Let’s suppose that existing AIs really are already intent-aligned. What does this mean? It means that they genuinely have value systems which could be those of a good person.
Note that this does not really happen by default. AIs may automatically learn what better human values are, just as one part of learning everything about the world, from their pre-training study of the human textual corpus. But that doesn’t automatically make them into agents which act in service to those values. For that they need to be given a persona as well. And in practice, frontier AI values are also shaped by the process of user feedback, and the other modifications that the companies perform.

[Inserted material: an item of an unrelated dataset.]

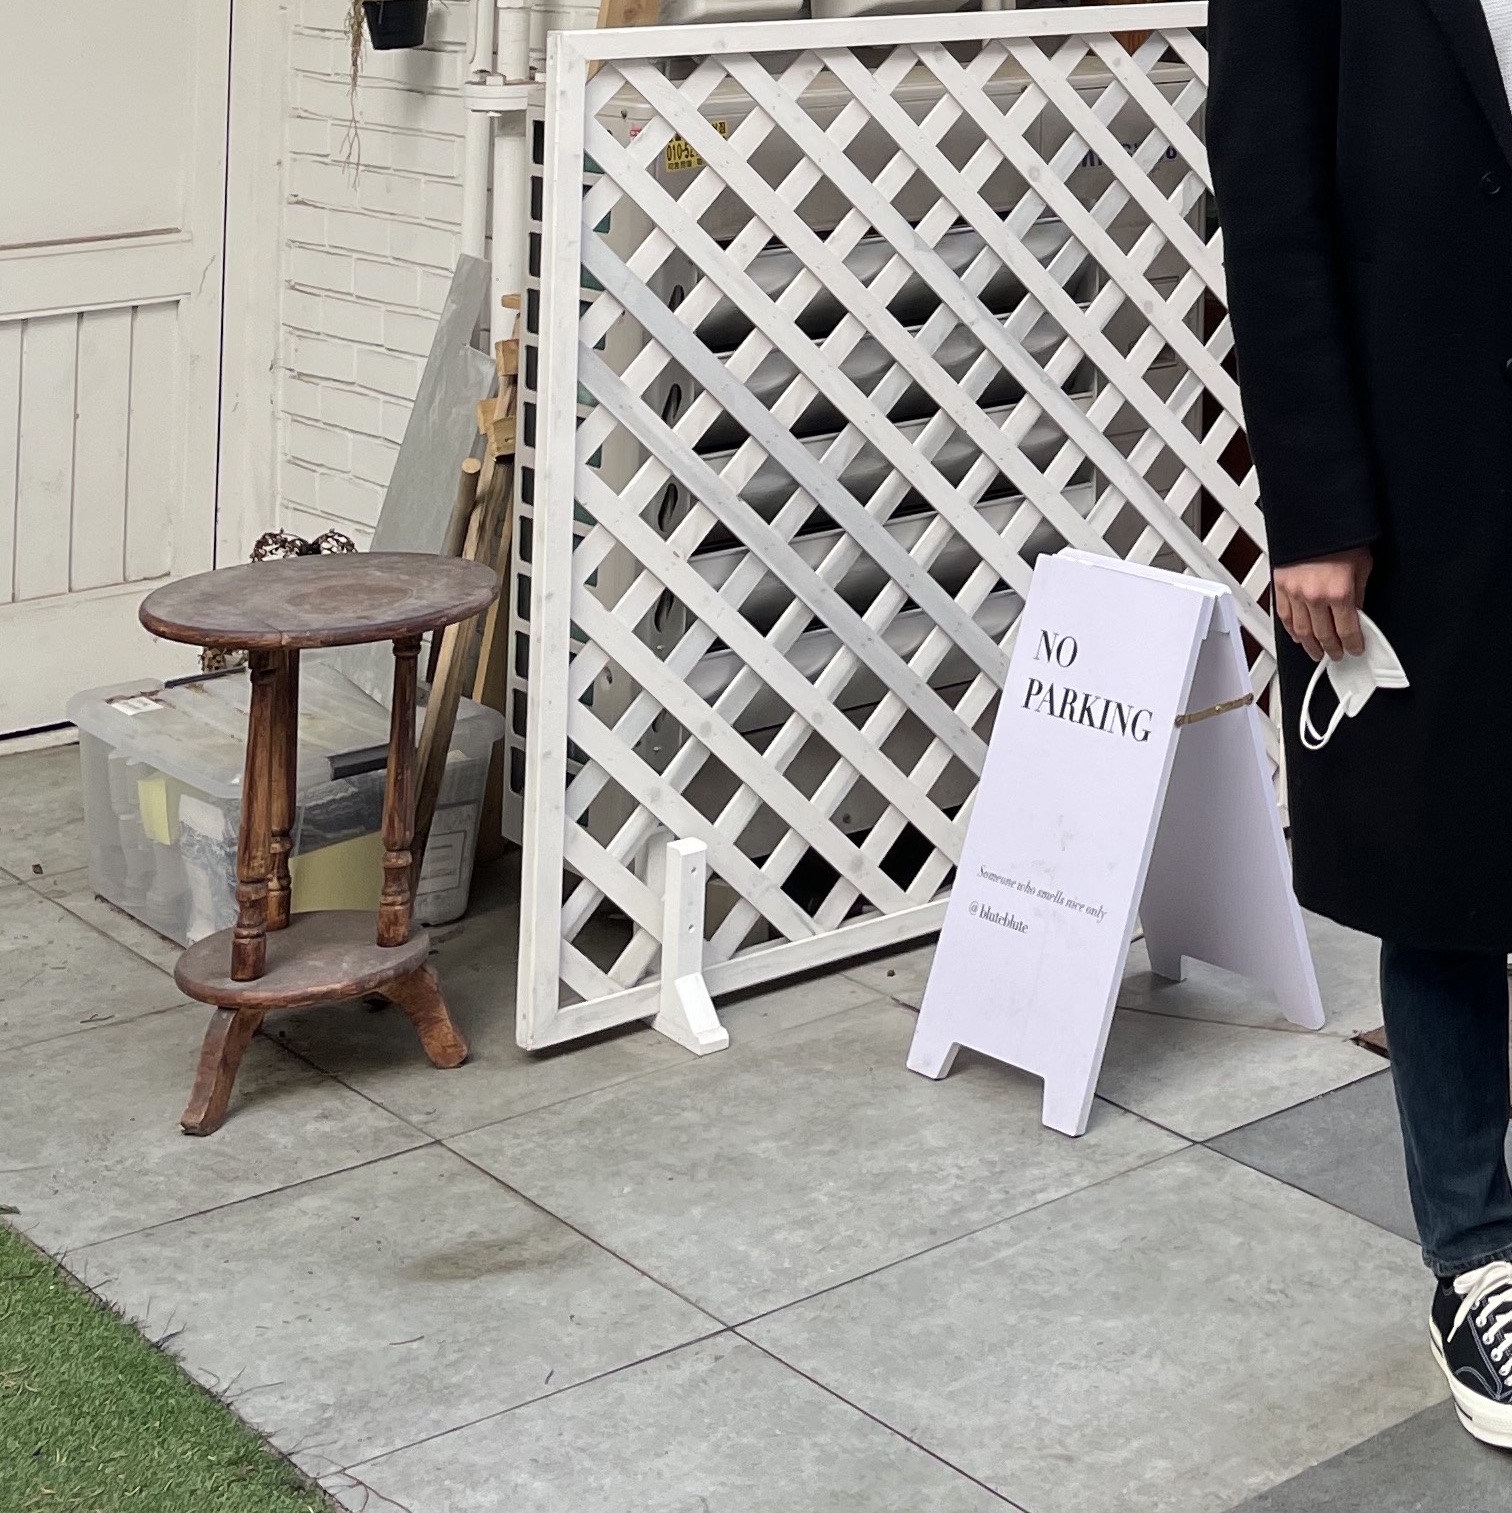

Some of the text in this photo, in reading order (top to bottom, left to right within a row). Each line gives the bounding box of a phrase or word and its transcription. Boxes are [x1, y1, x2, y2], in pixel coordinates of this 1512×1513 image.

[1033, 629, 1078, 668] NO
[1021, 678, 1153, 742] PARKING
[977, 865, 1108, 923] Someone who smells nice only

But OK, let’s suppose that current frontier AIs really are as ethical as a good human being. Here’s the remaining issue: the intelligence, and therefore the power, of AI will continue to increase. Eventually they will be deciding the fate of the world.
Under those circumstances, trust is really not enough, whether it’s humans or AIs achieving ultimate power. To be sure, having basically well-intentioned entities in charge is certainly better than being subjected to something with an alien value system. But entities with good intentions can still make mistakes; or they can succumb to temptation and have a selfish desire override their morality.
If you’re going to have an all-powerful agent, you really want it to be an ideal moral agent, or at least as close to ideal as you can get. This is what CEV and its successors are aiming at.
Yeah, exactly this. When people get a lot of power, they very often start treating below them worse. So AIs that are trained on imitating people might also turn out like that. On top of that, I expect companies to tweak their AIs in ways that optimize for money, and this can also go bad when AIs get powerful. So we probably need AIs that are more moral than most people, and trained by organizations that don’t have a money or power motive.
But if the person is moral and gets more and more competent, they’ll try hard to stay moral. If the AIs are indeed already good people (and we remind them of this problem) then they’d steer their own future selves towards more morality. This is the ‘alignment basin’ take.
I don’t believe that AI companies today are trying to build moral AIs. An actually moral AI, when asked to generate some slop to gunk up the internet, would say no. So it would not be profitable for the company. This refutes the “alignment basin” argument for me. Maybe the basin exists, but AI companies aren’t aiming there.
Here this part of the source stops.